Free-text object descriptions:
__________________________________________________
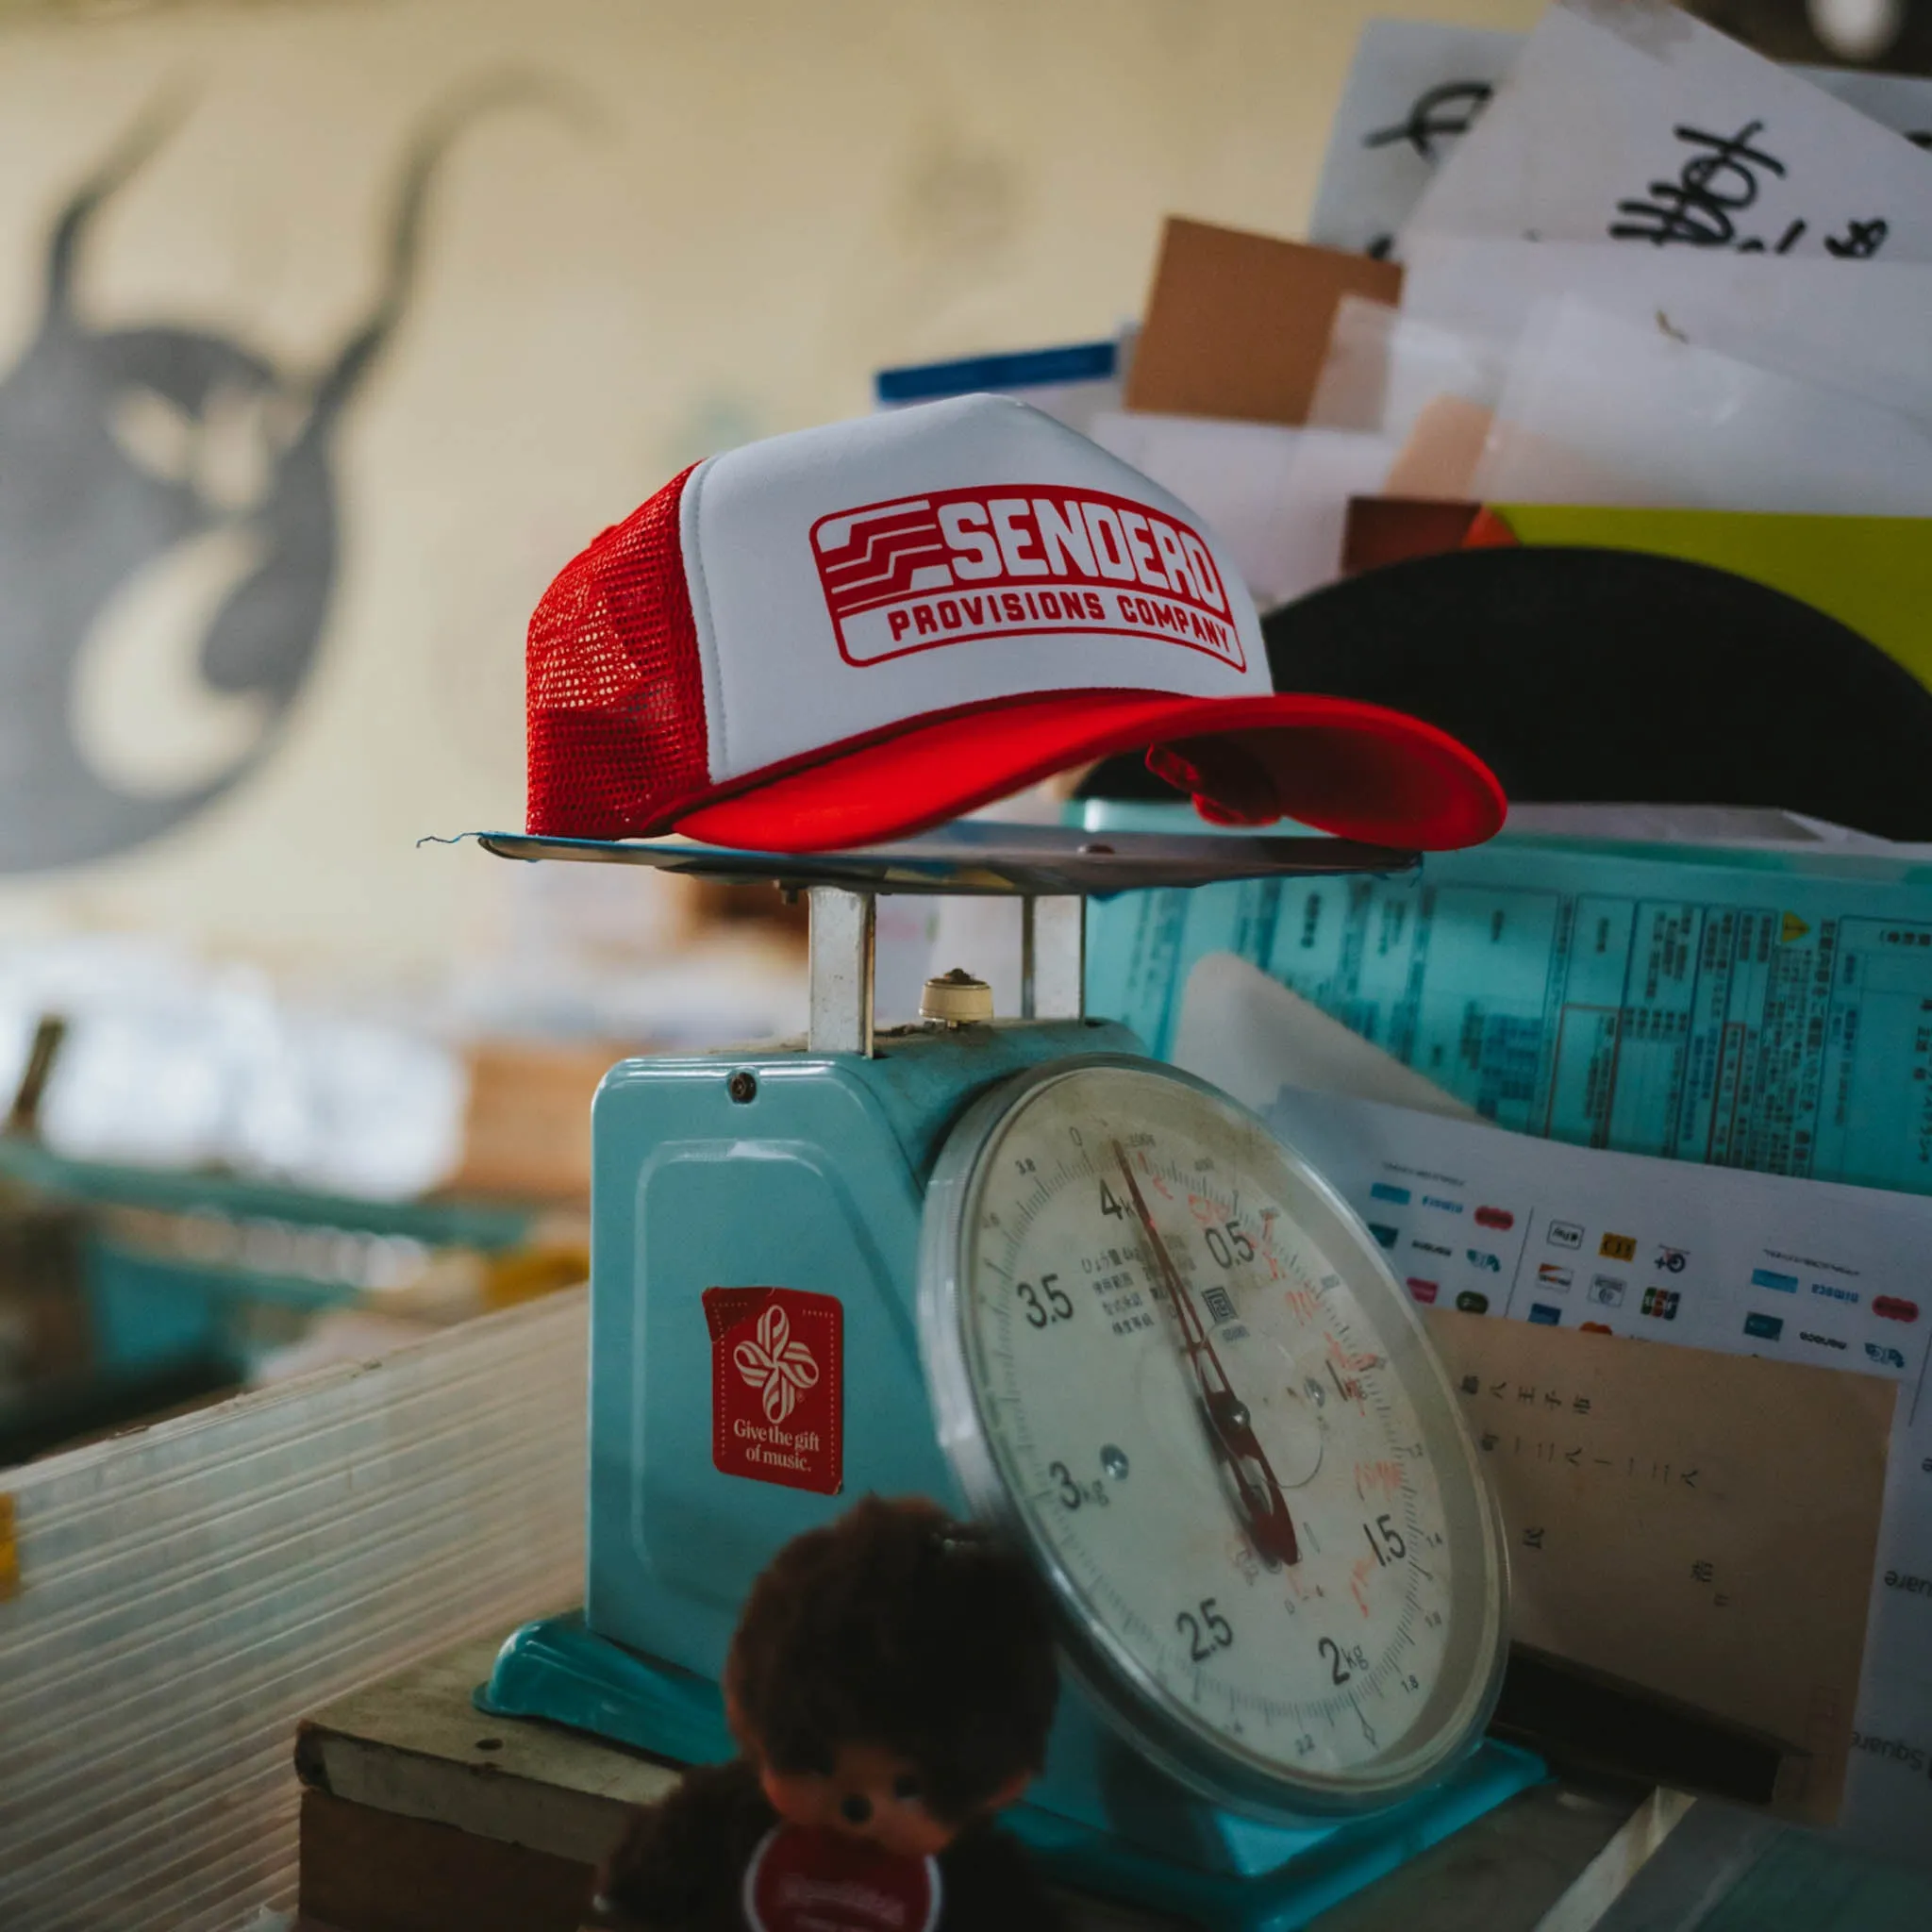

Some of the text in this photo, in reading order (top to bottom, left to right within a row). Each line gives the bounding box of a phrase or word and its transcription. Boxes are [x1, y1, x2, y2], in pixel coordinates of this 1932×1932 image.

[937, 498, 1225, 613] SENDERO
[887, 591, 1230, 653] PROVISIONS COMPANY
[1099, 1178, 1136, 1221] 4k
[1204, 1221, 1255, 1269] 0.5
[1017, 1273, 1074, 1328] 3.5
[733, 1418, 820, 1453] Give the gift
[745, 1443, 812, 1473] of music.
[1362, 1513, 1407, 1568] 1.5
[1884, 1570, 1932, 1599] uare
[1174, 1597, 1234, 1662] 2.5
[1318, 1636, 1370, 1686] 2kg
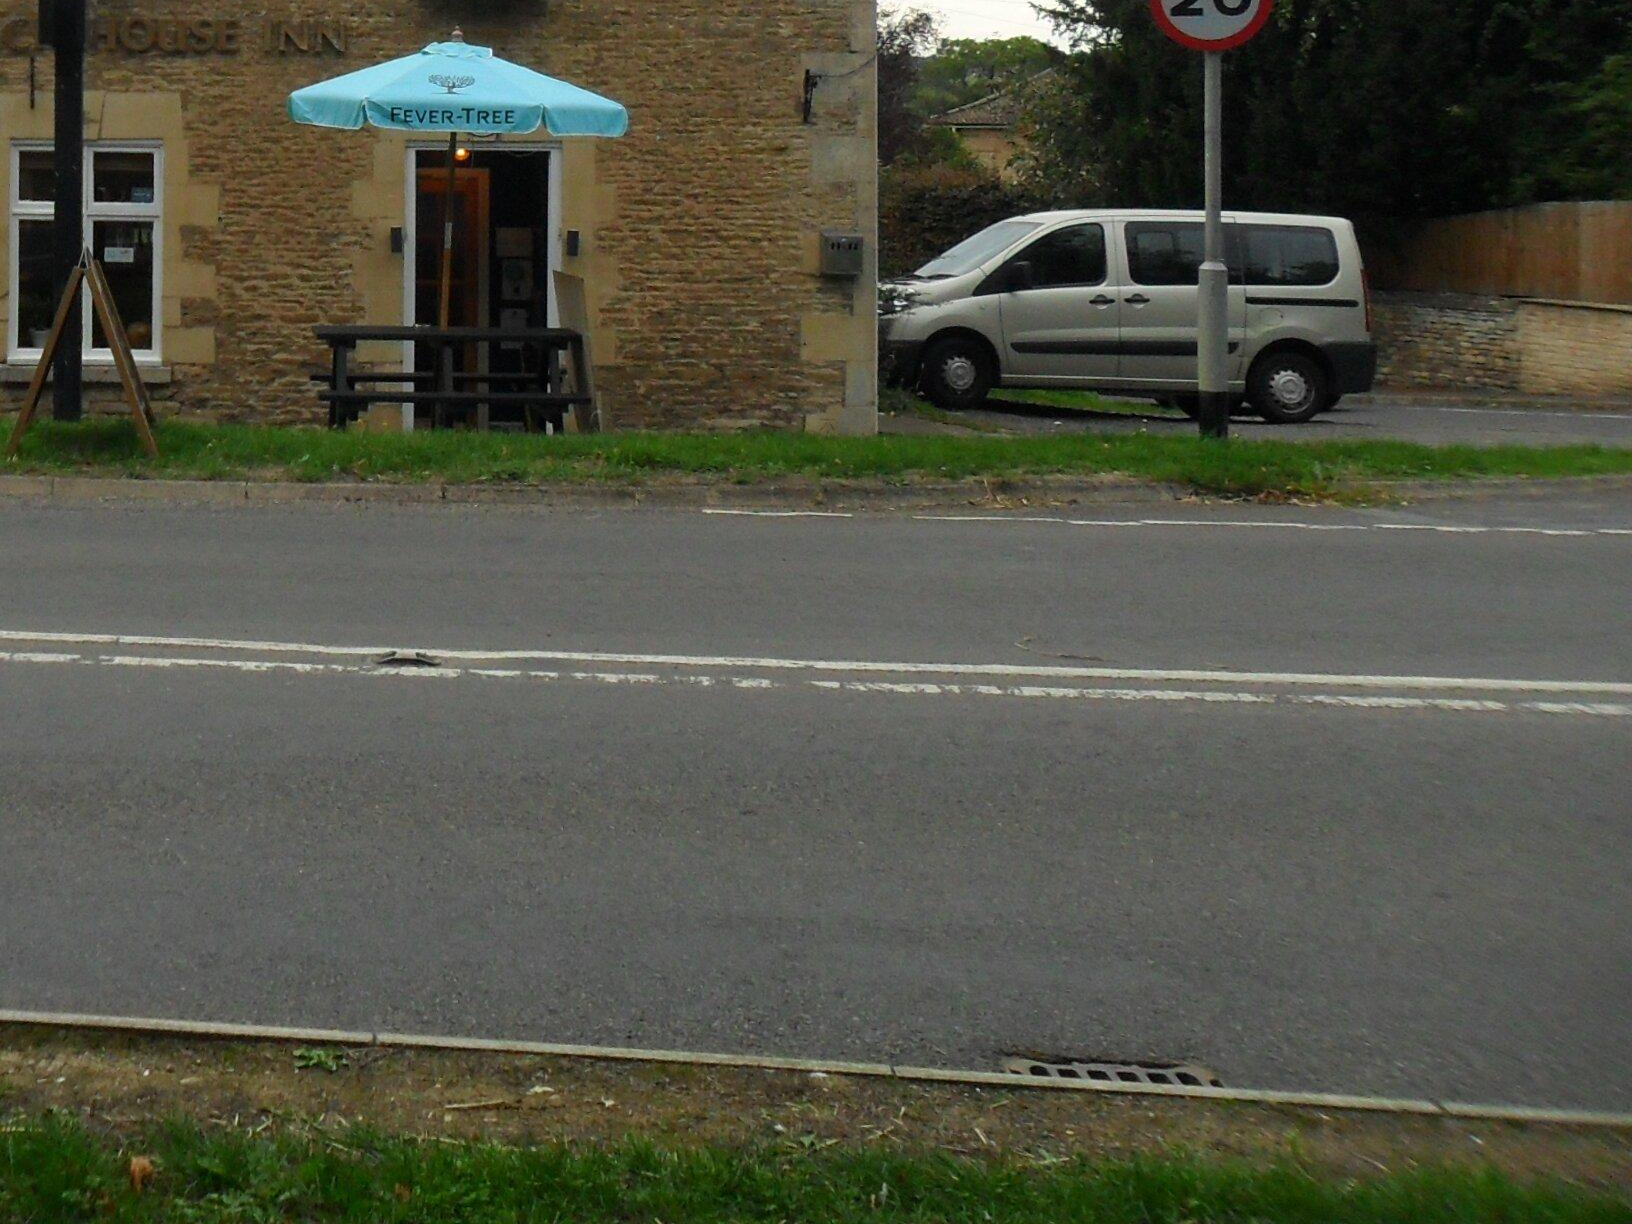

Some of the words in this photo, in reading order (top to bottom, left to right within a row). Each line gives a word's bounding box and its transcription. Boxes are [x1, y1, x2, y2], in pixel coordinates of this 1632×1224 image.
__________________________________________________
■ **ACTIVITY**
Would you set down the entries exactly as given, minus their pictures?

■ **SOLVED EXERCISE**
Some of the text in this photo, in reading order (top to bottom, left to right within a row). Each line gives the bounding box of a phrase or word and its transcription. Boxes are [x1, y1, x2, y2], in pixel coordinates of this 1932×1932 image.

[937, 498, 1225, 613] SENDERO
[887, 591, 1230, 653] PROVISIONS COMPANY
[1099, 1178, 1136, 1221] 4k
[1204, 1221, 1255, 1269] 0.5
[1017, 1273, 1074, 1328] 3.5
[733, 1418, 820, 1453] Give the gift
[745, 1443, 812, 1473] of music.
[1362, 1513, 1407, 1568] 1.5
[1884, 1570, 1932, 1599] uare
[1174, 1597, 1234, 1662] 2.5
[1318, 1636, 1370, 1686] 2kg

Some of the words in this photo, in reading order (top to bottom, left to right within a row). Each line gives a word's bounding box and its transcription. Boxes are [x1, y1, x2, y2], in pixel coordinates of this 1632×1224 image.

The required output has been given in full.